- Opening Delimiter -
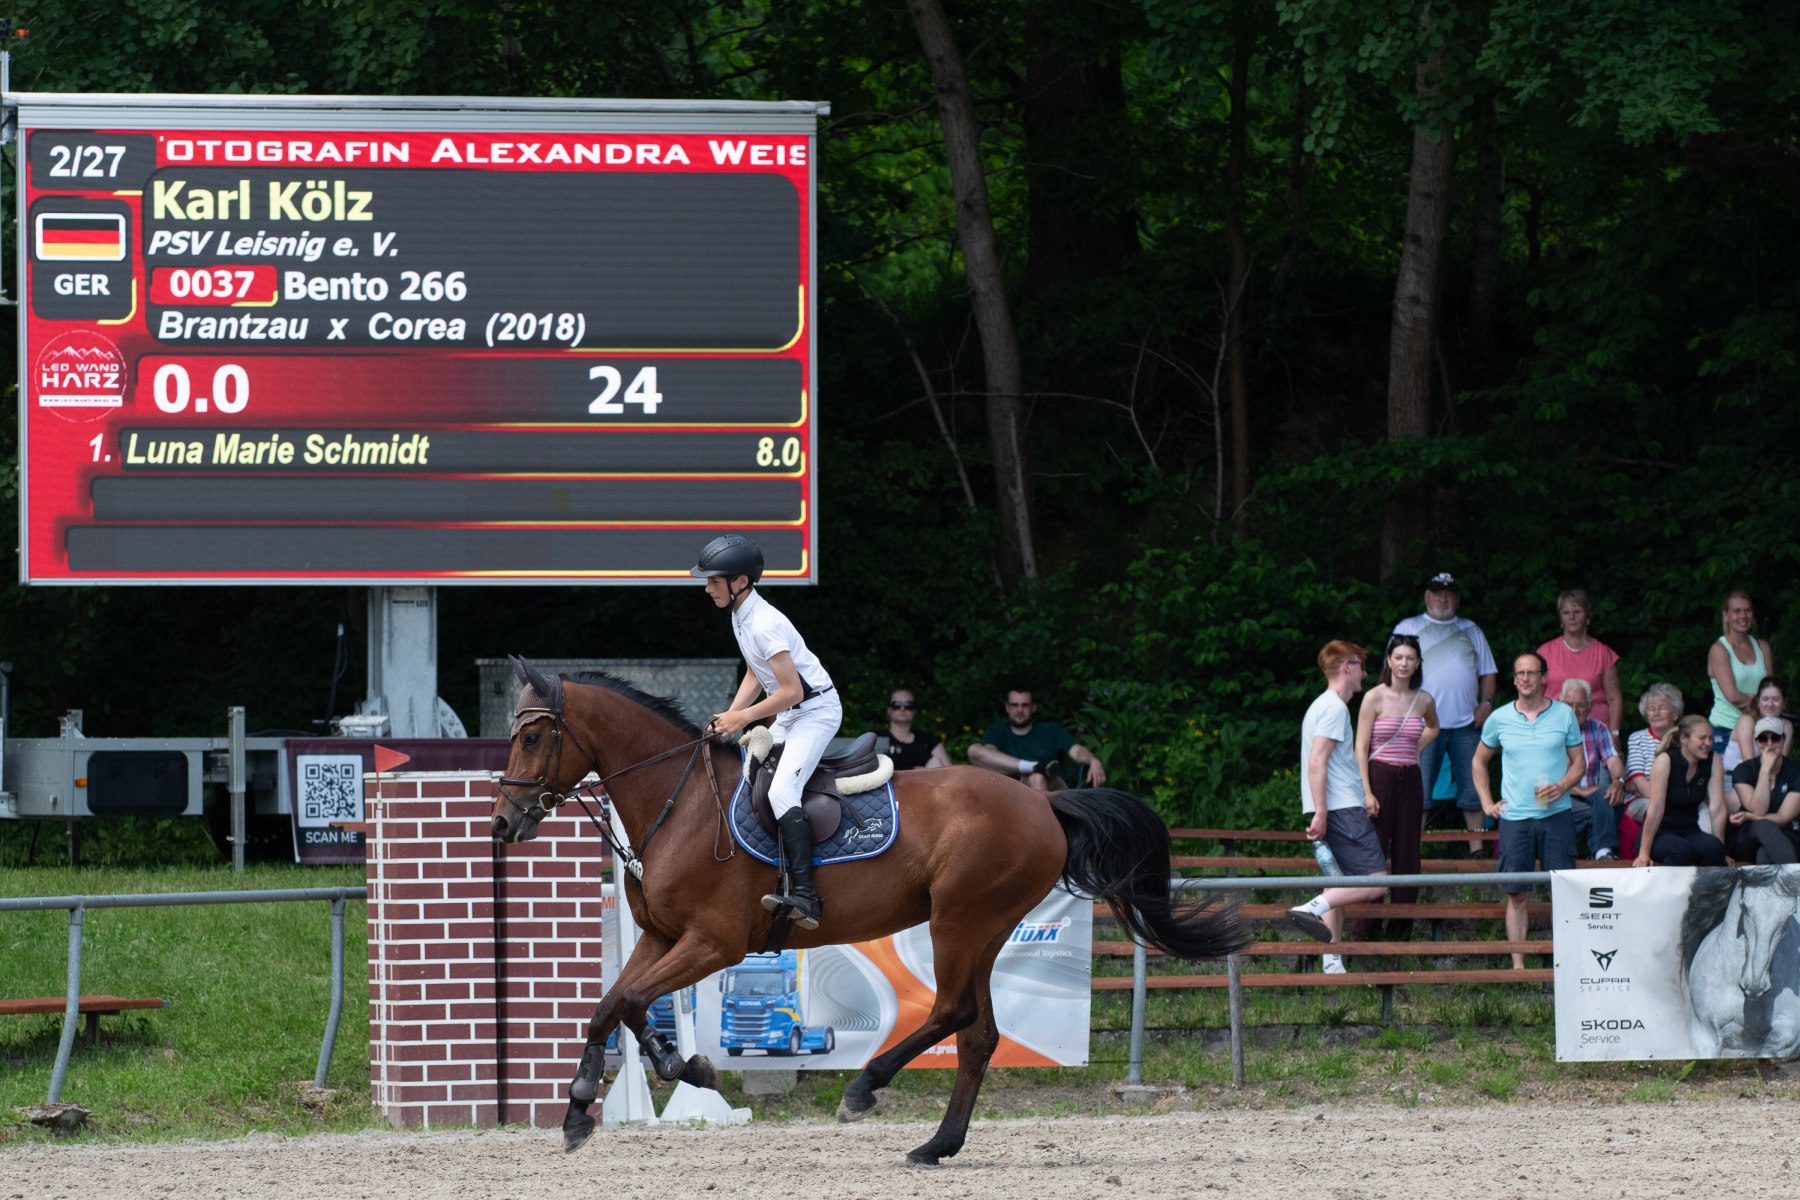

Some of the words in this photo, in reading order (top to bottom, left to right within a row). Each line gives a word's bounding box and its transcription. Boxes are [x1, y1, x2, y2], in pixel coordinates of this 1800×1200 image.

[49, 145, 127, 178] 2/27
[160, 136, 410, 163] OTOGRAFIN
[430, 138, 691, 165] ALEXANDRA
[153, 179, 251, 221] Karl
[268, 179, 374, 222] Kölz
[148, 231, 213, 256] PSV
[216, 231, 327, 262] Leisnig
[332, 238, 360, 257] e.
[373, 232, 399, 257] V.
[53, 273, 111, 296] GER
[169, 270, 255, 298] 0037
[283, 270, 389, 302] Bento
[399, 270, 468, 302] 266
[158, 310, 310, 340] Brantzau
[326, 318, 350, 340] x
[368, 312, 467, 341] Corea
[485, 312, 586, 347] (2018)
[41, 363, 70, 372] LED
[75, 363, 120, 372] WAND
[41, 373, 120, 389] HARZ
[153, 363, 250, 414] 0.0
[588, 365, 664, 415] 24
[89, 433, 111, 463] 1.
[126, 433, 204, 465] Luna
[211, 433, 295, 465] Marie
[303, 433, 430, 465] Schmidt
[756, 436, 800, 467] 8.0
[305, 831, 338, 844] SCAN
[341, 831, 358, 844] ME
[1578, 912, 1622, 920] SEAT
[1042, 949, 1072, 959] logistics
[1581, 1033, 1621, 1044] Service
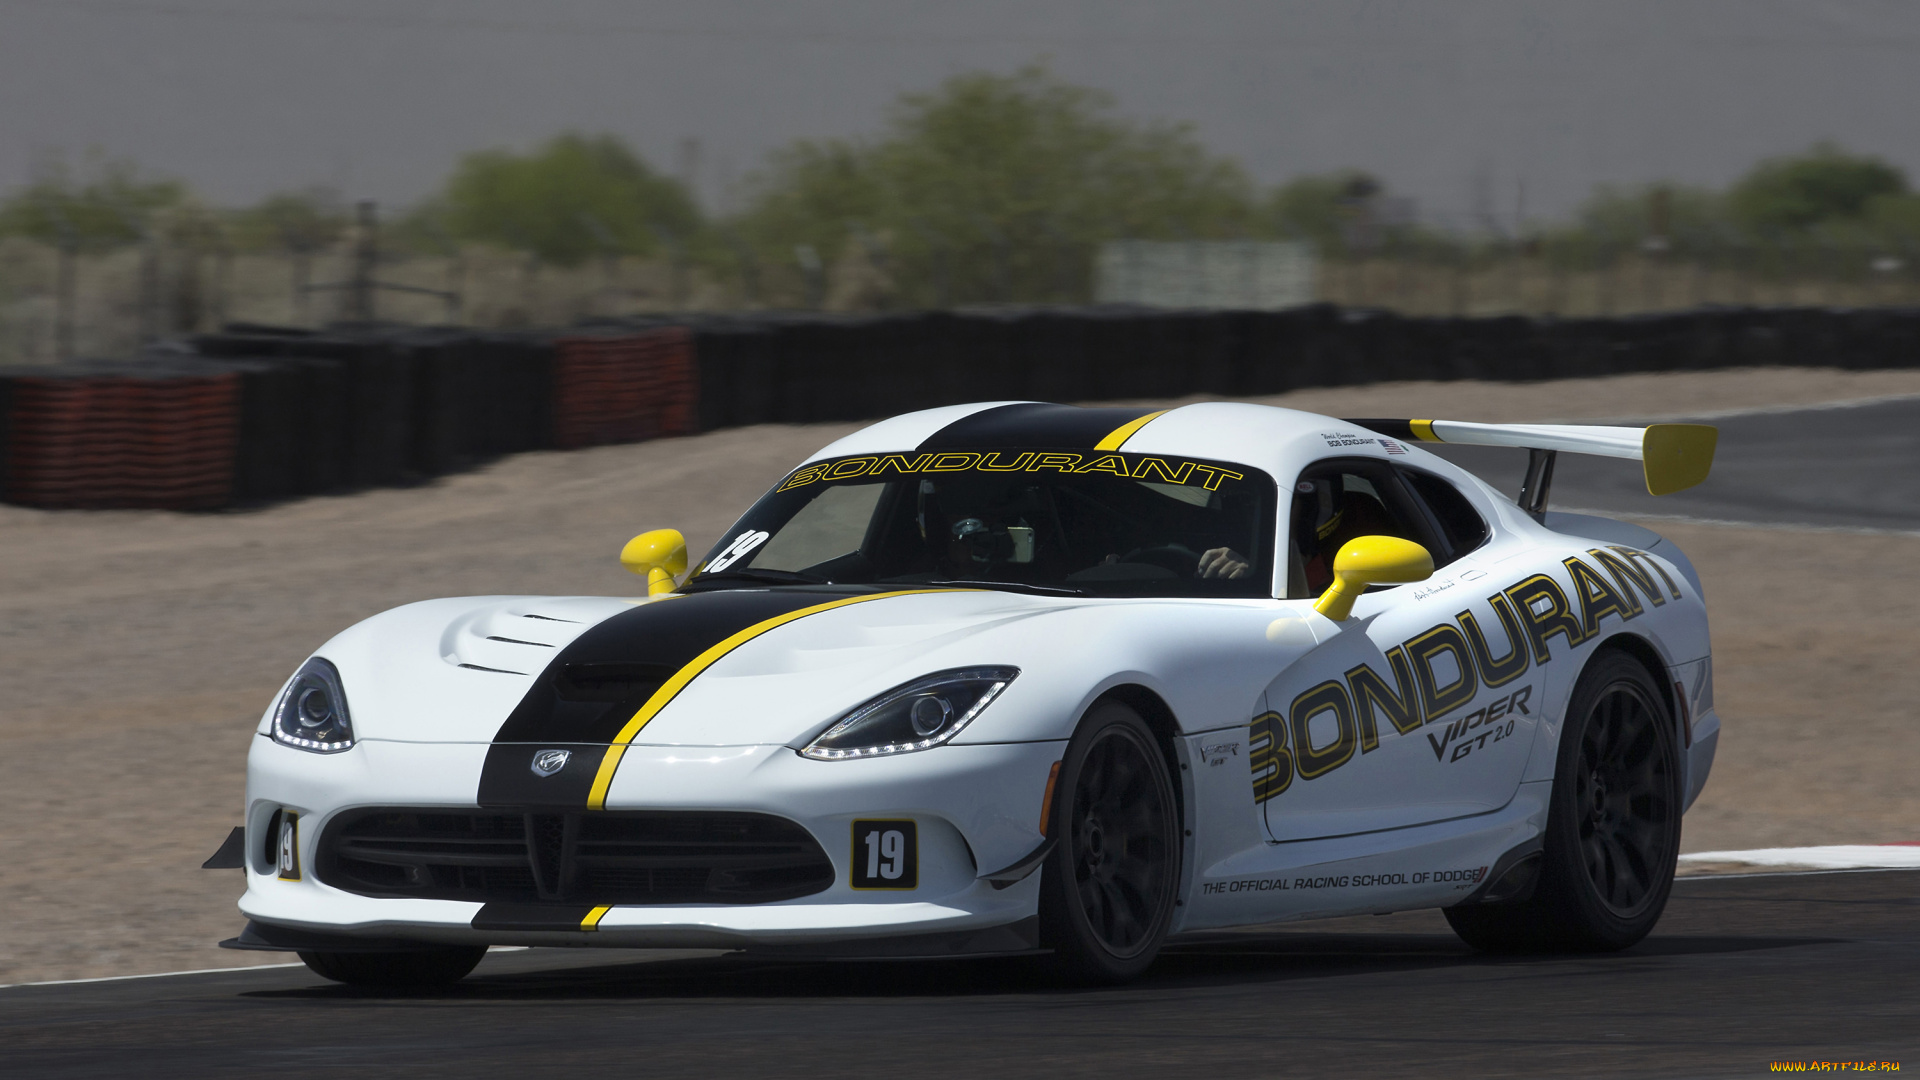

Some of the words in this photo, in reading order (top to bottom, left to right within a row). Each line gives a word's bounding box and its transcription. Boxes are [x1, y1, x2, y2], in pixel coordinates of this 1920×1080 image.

[776, 451, 1243, 492] BONDURANT
[701, 529, 769, 573] 19
[1249, 546, 1682, 805] BONDURANT
[1427, 684, 1532, 763] VIPER
[1450, 730, 1494, 763] GT
[1493, 720, 1515, 743] 2.0
[865, 830, 904, 879] 19
[1203, 882, 1226, 895] THE
[1229, 879, 1290, 893] OFFICIAL
[1293, 876, 1349, 890] RACING
[1352, 873, 1409, 887] SCHOOL
[1412, 872, 1430, 884] OF
[1433, 868, 1481, 883] DODGE
- Closing Delimiter -
Nothing but the lines from the one containing "this 1920×1080 image." through the last line of the data above should be set down, word for word.

* WRITTEN ANSWER:
Some of the words in this photo, in reading order (top to bottom, left to right within a row). Each line gives a word's bounding box and its transcription. Boxes are [x1, y1, x2, y2], in pixel coordinates of this 1920×1080 image.

[776, 451, 1243, 492] BONDURANT
[701, 529, 769, 573] 19
[1249, 546, 1682, 805] BONDURANT
[1427, 684, 1532, 763] VIPER
[1450, 730, 1494, 763] GT
[1493, 720, 1515, 743] 2.0
[865, 830, 904, 879] 19
[1203, 882, 1226, 895] THE
[1229, 879, 1290, 893] OFFICIAL
[1293, 876, 1349, 890] RACING
[1352, 873, 1409, 887] SCHOOL
[1412, 872, 1430, 884] OF
[1433, 868, 1481, 883] DODGE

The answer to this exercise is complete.